DESCRIPTION OF THE TASK: What you return must match the entries word for word, minus the pictures.

DATA SECTION:

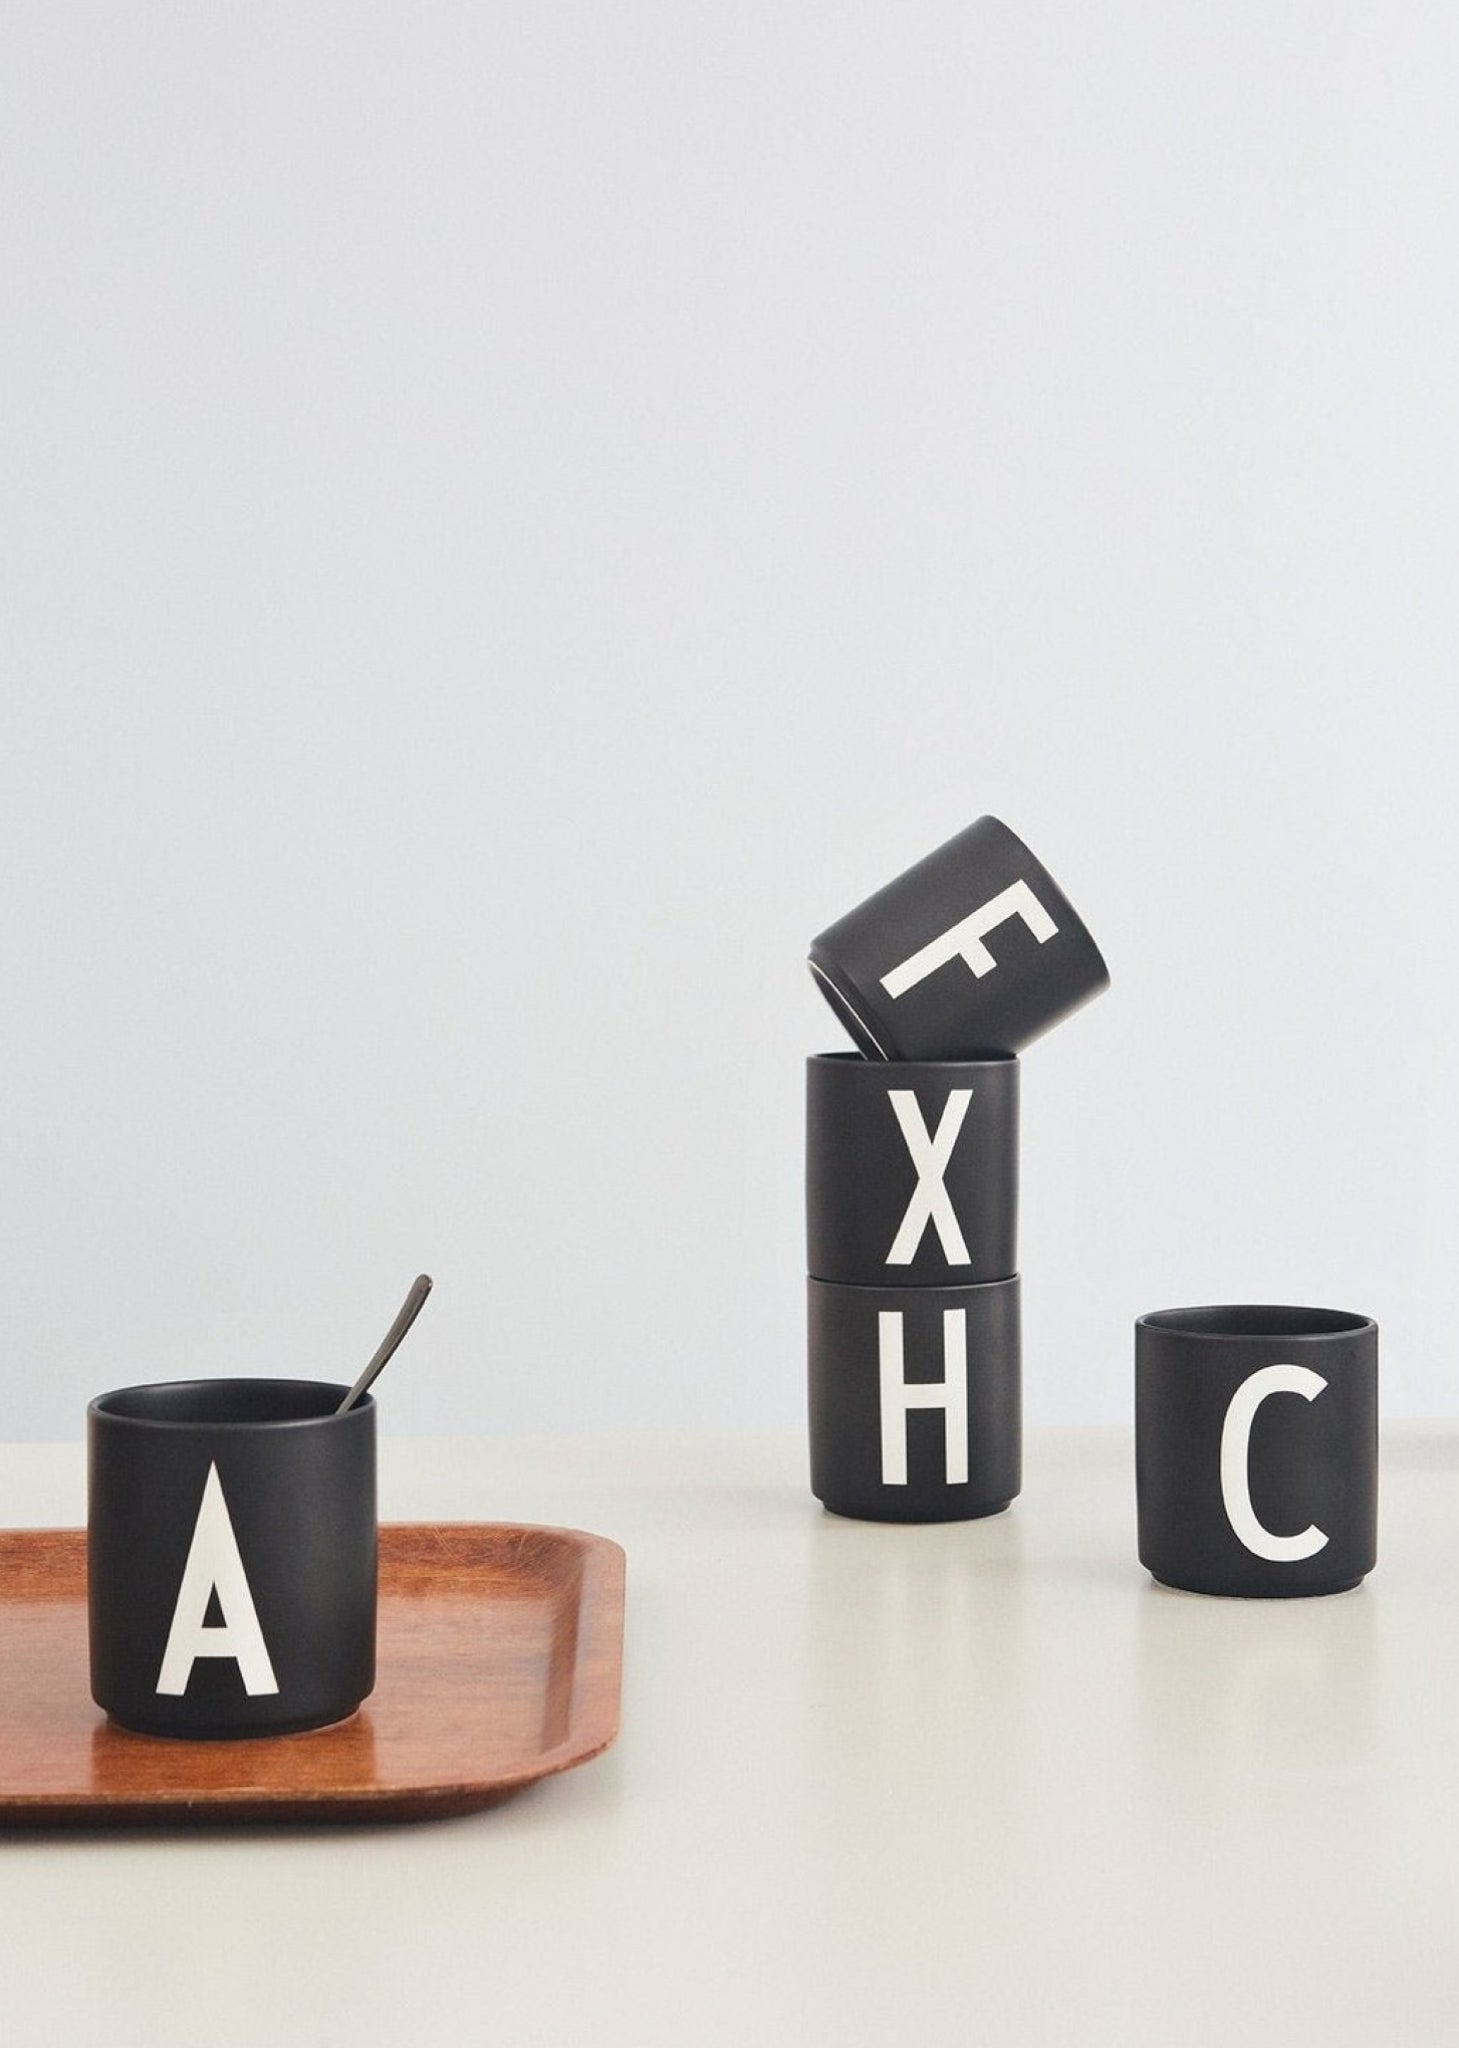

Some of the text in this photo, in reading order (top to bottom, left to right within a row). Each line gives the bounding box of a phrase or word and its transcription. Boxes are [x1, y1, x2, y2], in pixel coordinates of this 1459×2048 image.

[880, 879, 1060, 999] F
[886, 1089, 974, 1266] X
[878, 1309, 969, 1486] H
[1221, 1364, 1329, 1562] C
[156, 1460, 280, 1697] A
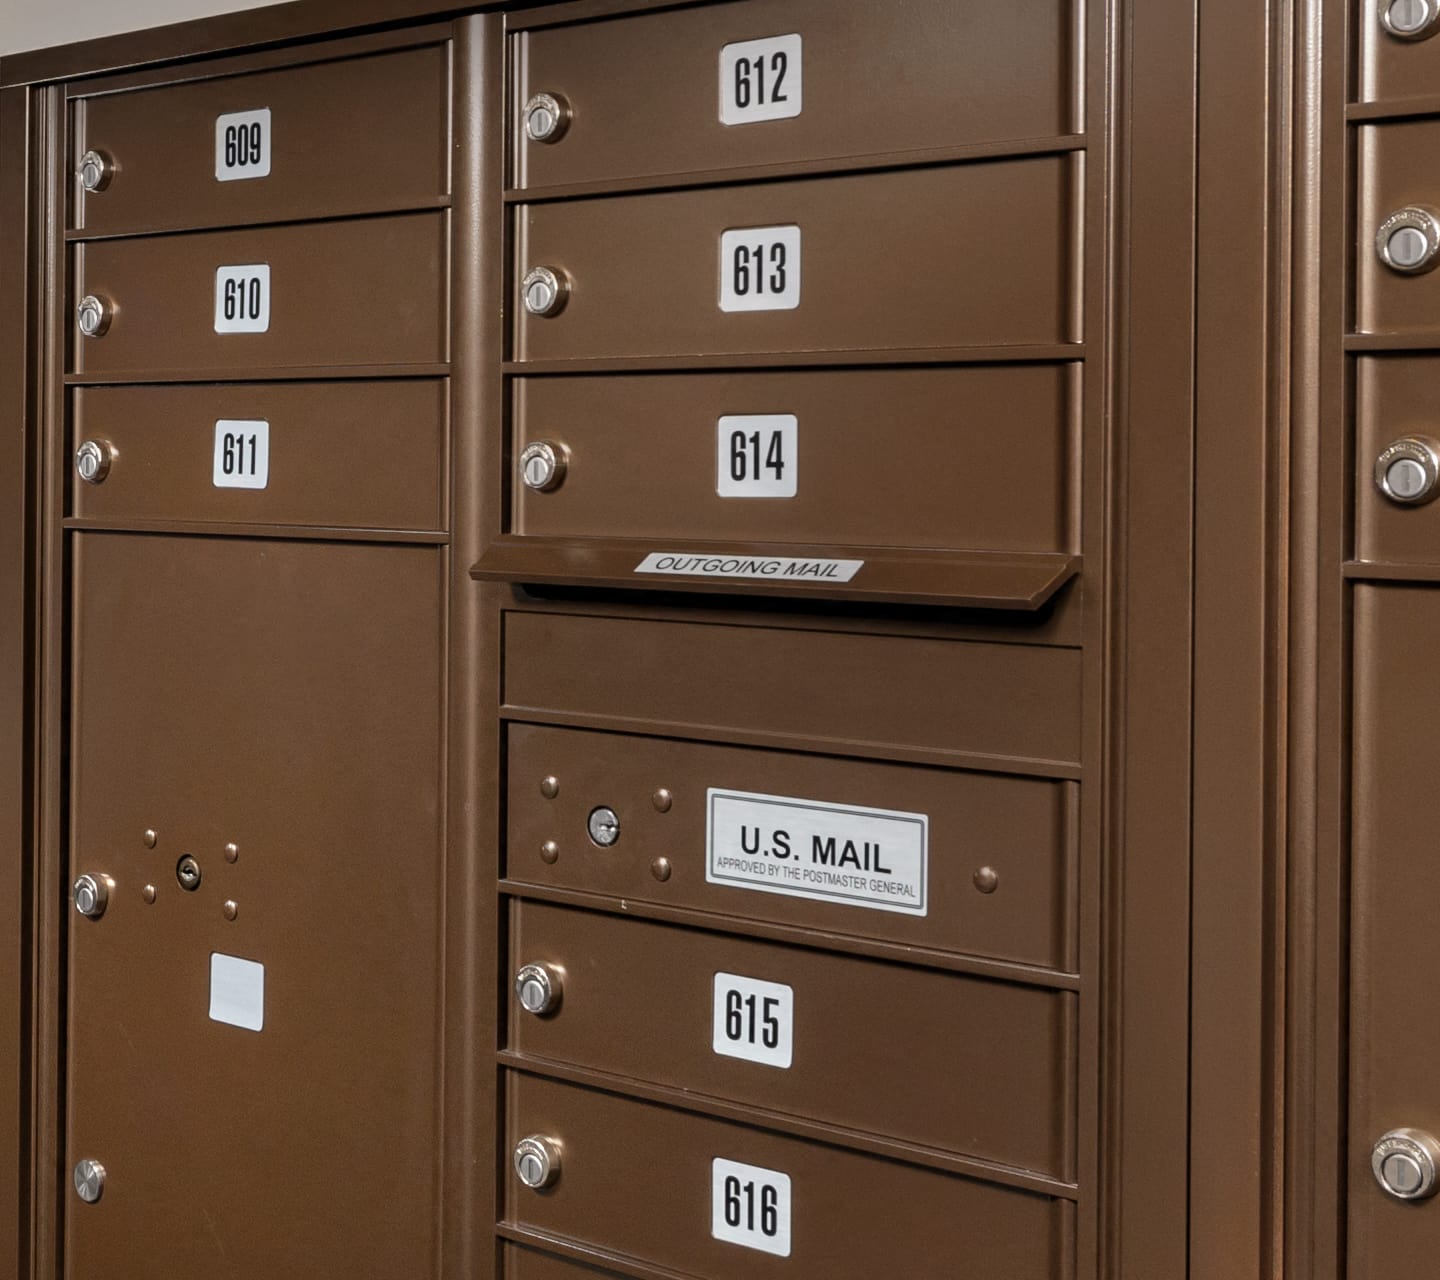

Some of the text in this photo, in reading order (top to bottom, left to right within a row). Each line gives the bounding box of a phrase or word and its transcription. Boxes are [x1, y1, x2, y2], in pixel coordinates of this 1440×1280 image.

TASK RESPONSE:
Some of the text in this photo, in reading order (top to bottom, left to right within a row). Each line gives the bounding box of a phrase or word and its transcription. Boxes are [x1, y1, x2, y2], in pixel coordinates of this 1459×2048 image.

[880, 879, 1060, 999] F
[886, 1089, 974, 1266] X
[878, 1309, 969, 1486] H
[1221, 1364, 1329, 1562] C
[156, 1460, 280, 1697] A

Some of the text in this photo, in reading order (top to bottom, left to right within a row). Each line gives the bounding box of a phrase or word and its transcription. Boxes are [x1, y1, x2, y2], in pixel coordinates of this 1440×1280 image.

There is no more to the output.